Guidance Issued on £162.5 Million Workforce Recruitment and Retention Fund
post covid, the government has identified a gap in information, in health and social care particularly within the domiciliary care sector. now taking action and plans to invest in the sector to ensure users of health and social care are treated satisfactorily.
The Government has published guidance on the Workforce Recruitment and Retention Fund for adult social care 2021-22, announced on 21 October 2021. The grant circular sets out allocations, the grant conditions and guidance for local authorities and providers in England.
Councils are to use the funding to address adult social care workforce capacity pressures in their area through recruitment and retention activity this winter, to:
- support providers to maintain the provision of safe care and bolstering capacity within providers to deliver more hours of care
- support timely and safe discharge from hospital to where ongoing care and support is needed
- support providers to prevent admission to hospital
- enable timely new care provision in the community
- support and boost retention of staff within social care.
The activity must take place between 21 October 2021 and 31 March 2022.
It will be important to retain existing staff capacity as well as encourage new and returning entrants.
Domiciliary carers provide all types of services that a client would need in order to stay in their own home. This can include personal care such as washing and dressing, domestic tasks such as laundry and light cleaning, as well as running errands such as getting shopping or medications.
The need to reform adult social care funding is decades overdue and remains one of the biggest issues on the UK political landscape.

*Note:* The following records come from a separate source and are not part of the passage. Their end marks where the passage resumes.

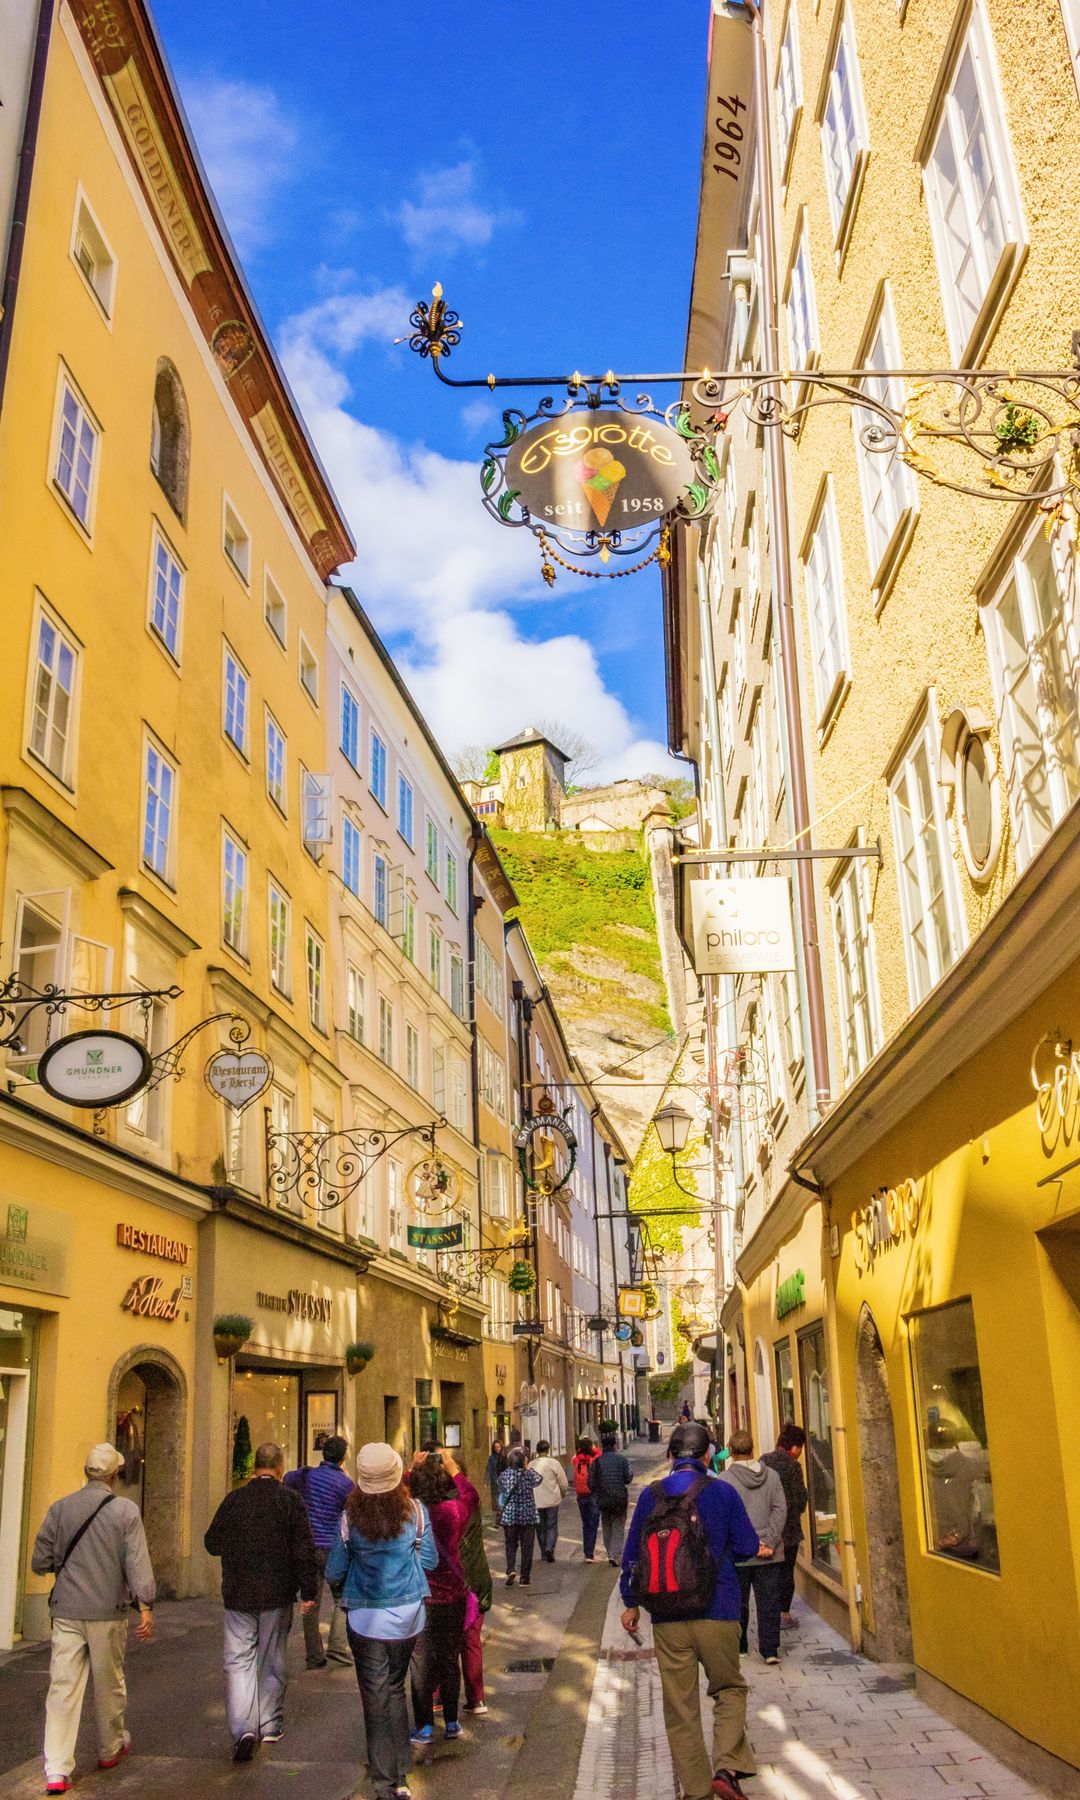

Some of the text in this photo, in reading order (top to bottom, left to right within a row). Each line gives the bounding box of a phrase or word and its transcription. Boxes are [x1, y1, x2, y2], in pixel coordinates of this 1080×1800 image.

[713, 94, 747, 182] 1964
[126, 103, 193, 256] GOLDENER
[520, 424, 677, 474] Eisgrotte
[267, 433, 310, 517] HIRSCH
[544, 498, 665, 517] seit 1958
[706, 929, 781, 953] philoro
[66, 1065, 123, 1076] GMUNDNER
[211, 1065, 267, 1078] Restaurant
[518, 1115, 573, 1142] SALAMANDER
[120, 1226, 192, 1266] RESTAURANT
[411, 1230, 458, 1244] STASSNY

The sector entered the COVID-19 pandemic on the back foot, facing mounting levels of demand and unmet need, workforce shortages, an increasingly fragile provider market and tightening budgets. The pandemic has clearly highlighted weaknesses in the sector’s resilience and should act as a catalyst for reform. The shift in public perception of health and care services means there may never be a better time to address the relationship between state and individual and to consider what a reformed funding system for adult social care may look like.
Covid-19 has been the biggest challenge the health and care system has faced in living memory. It is essential that lessons are learned from this experience, whether from the necessary and extraordinary contributions of millions of staff and volunteers, the rapid progress achieved in digitising and transforming service delivery or from the shortcomings and inequalities brought sharply into focus.

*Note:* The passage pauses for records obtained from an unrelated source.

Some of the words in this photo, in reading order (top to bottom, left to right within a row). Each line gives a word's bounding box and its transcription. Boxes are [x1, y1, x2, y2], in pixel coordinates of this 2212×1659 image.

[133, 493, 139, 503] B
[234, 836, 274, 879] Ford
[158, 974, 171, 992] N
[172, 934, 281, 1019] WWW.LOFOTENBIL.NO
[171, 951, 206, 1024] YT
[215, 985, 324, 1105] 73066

Taking this into consideration, the Government has set out five priorities to help guide the approach to renewal across health and care:
- putting the workforce centre stage
- a step change on inequalities and population health
- lasting reform for social care
- embedding and accelerating digital change
- reshaping the relationship between communities and public services.
These areas will need to be prioritised by the government if it wishes to provide high-quality health and care services, improve population health and make good on its promises to ‘level up’ society. These priorities will also need to sit within a wider economic strategy that supports investment in the socio-economic determinants of health.
Covid-19 has laid bare the weaknesses in a social care system that has been underfunded and overlooked for too long. The sector was neglected by the government at the start of the pandemic, with tragic consequences for service users, families and staff, and unacceptable numbers of deaths.